Veteran influx leads DC United to statistically significant improvement in 2014
WASHINGTON – It might be stating the obvious, but D.C. United are a better team in 2014 than they were in 2013.
Just how much better, though, is something to behold.
Aside from intangibles like the air of positivity in the halls of RFK Stadium, the statistical differences are staggering. Starting with the big ones, D.C. United already have won more games (6) than their MLS record-low total (3) of last year and have already won more road games (1) than they did last year, breaking a 22-game road winless streak on May 10 against Philadelphia.
They have also eclipsed last season's paltry point total of 16 (the worst points-per-game average in league history) by reaching 22 points in only 14 games.
There are other dubious marks that United seem to have put to bed, such as their current plus-four goal differential, a far cry from the near-record-low of minus-37 last year. Then there is the scoring: In 2013, United put more goals in their own net (4) than any single player on their roster put in their opponents' net (3).
Fast forward to 2014, and United’s overhauled backline has not turned on their own goalkeeper once, and forward Fabián Espíndola, brought in to help spark United’s anemic attack, has seven goals. As a team, D.C. have 18 goals, just four behind the 22 they scored all of last season.

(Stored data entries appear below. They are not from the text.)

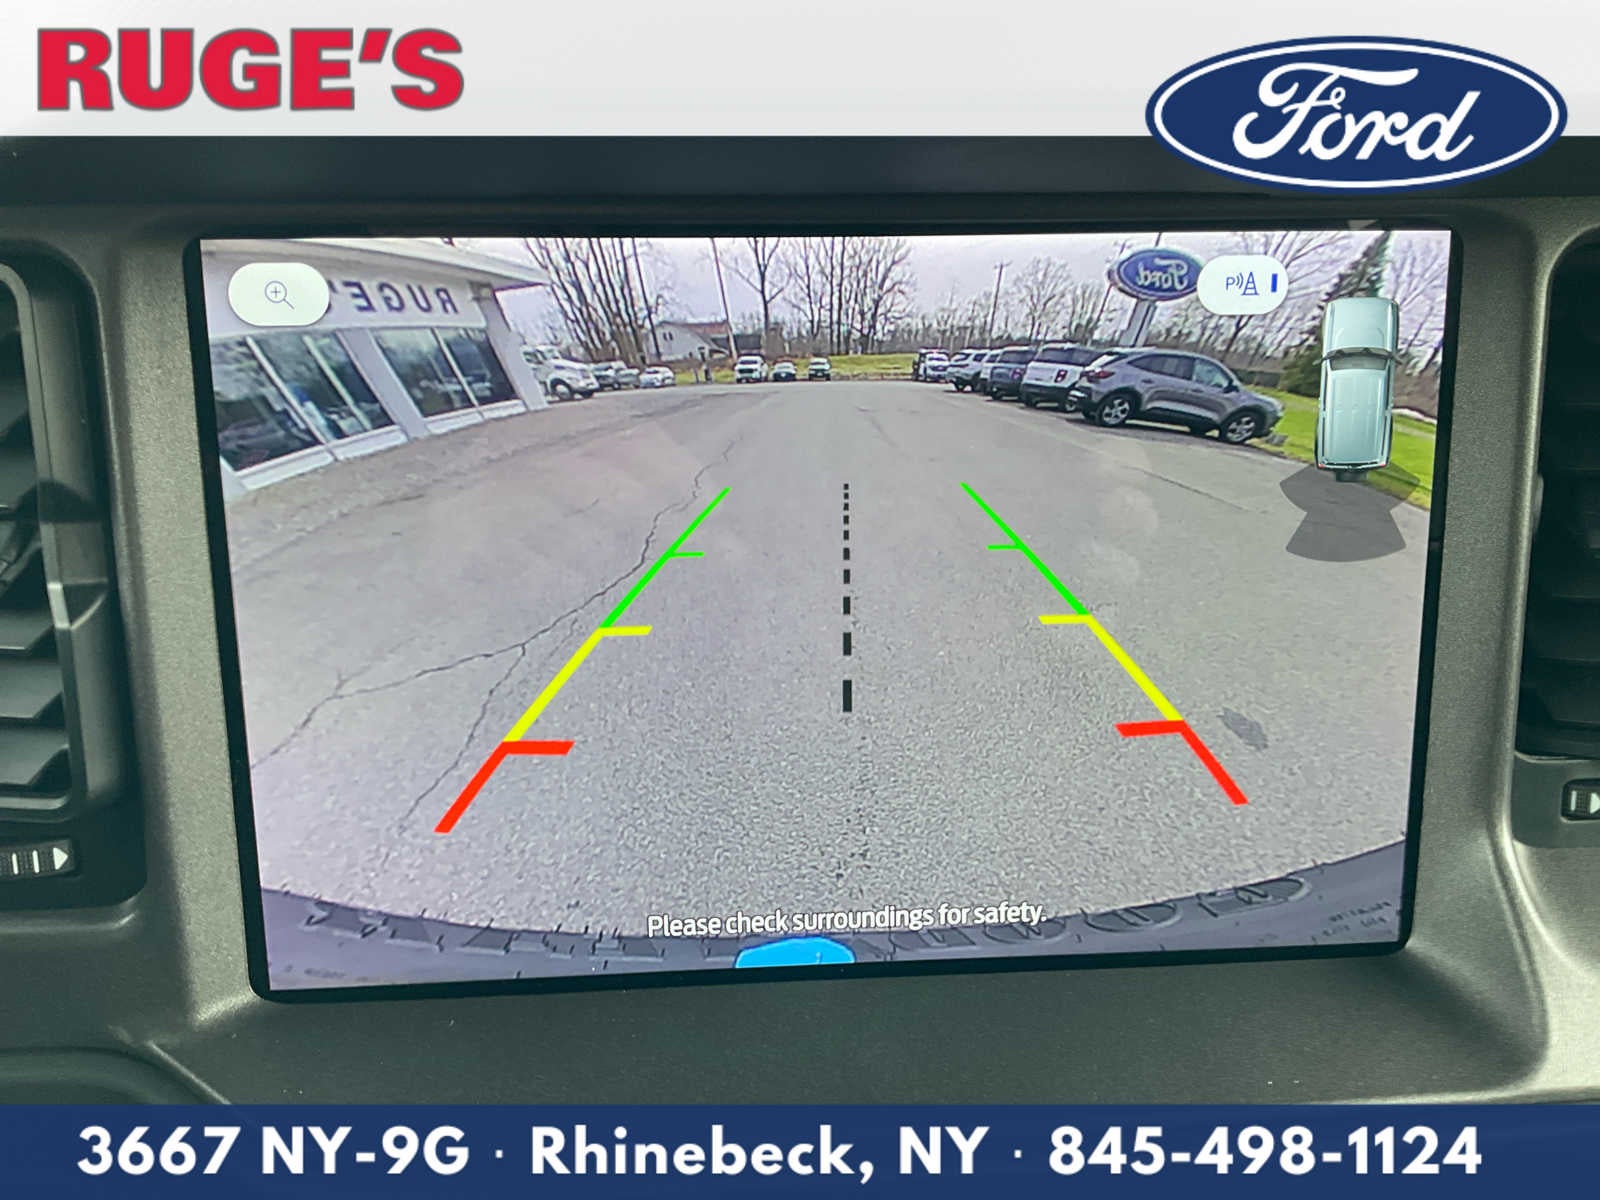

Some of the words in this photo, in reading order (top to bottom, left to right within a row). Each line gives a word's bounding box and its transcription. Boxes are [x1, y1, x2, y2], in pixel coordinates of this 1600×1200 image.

[647, 914, 721, 938] Please
[725, 910, 788, 934] check
[792, 905, 934, 932] surroundings
[937, 904, 970, 926] for
[973, 901, 1048, 925] safety.

The most important piece of the puzzle for D.C. United in 2014 has been the massive roster overhaul that saw head coach Ben Olsen and general manager Dave Kasper cobble together an experienced group of MLS veterans, aided by the allocation money afforded to United both for missing the playoffs and for reaching the CONCACAF Champions League by virtue of the team's 2013 US Open Cup championship.
“You’ve hit the nail on the head there,” one of the 2013 holdovers, midfielder Lewis Neal, told MLSsoccer.com when asked about the roster overhaul. "Benny and Dave have brought in some really good, experienced guys. These guys make a huge difference – not just on gamedays; they make a huge difference in practice, training, everywhere.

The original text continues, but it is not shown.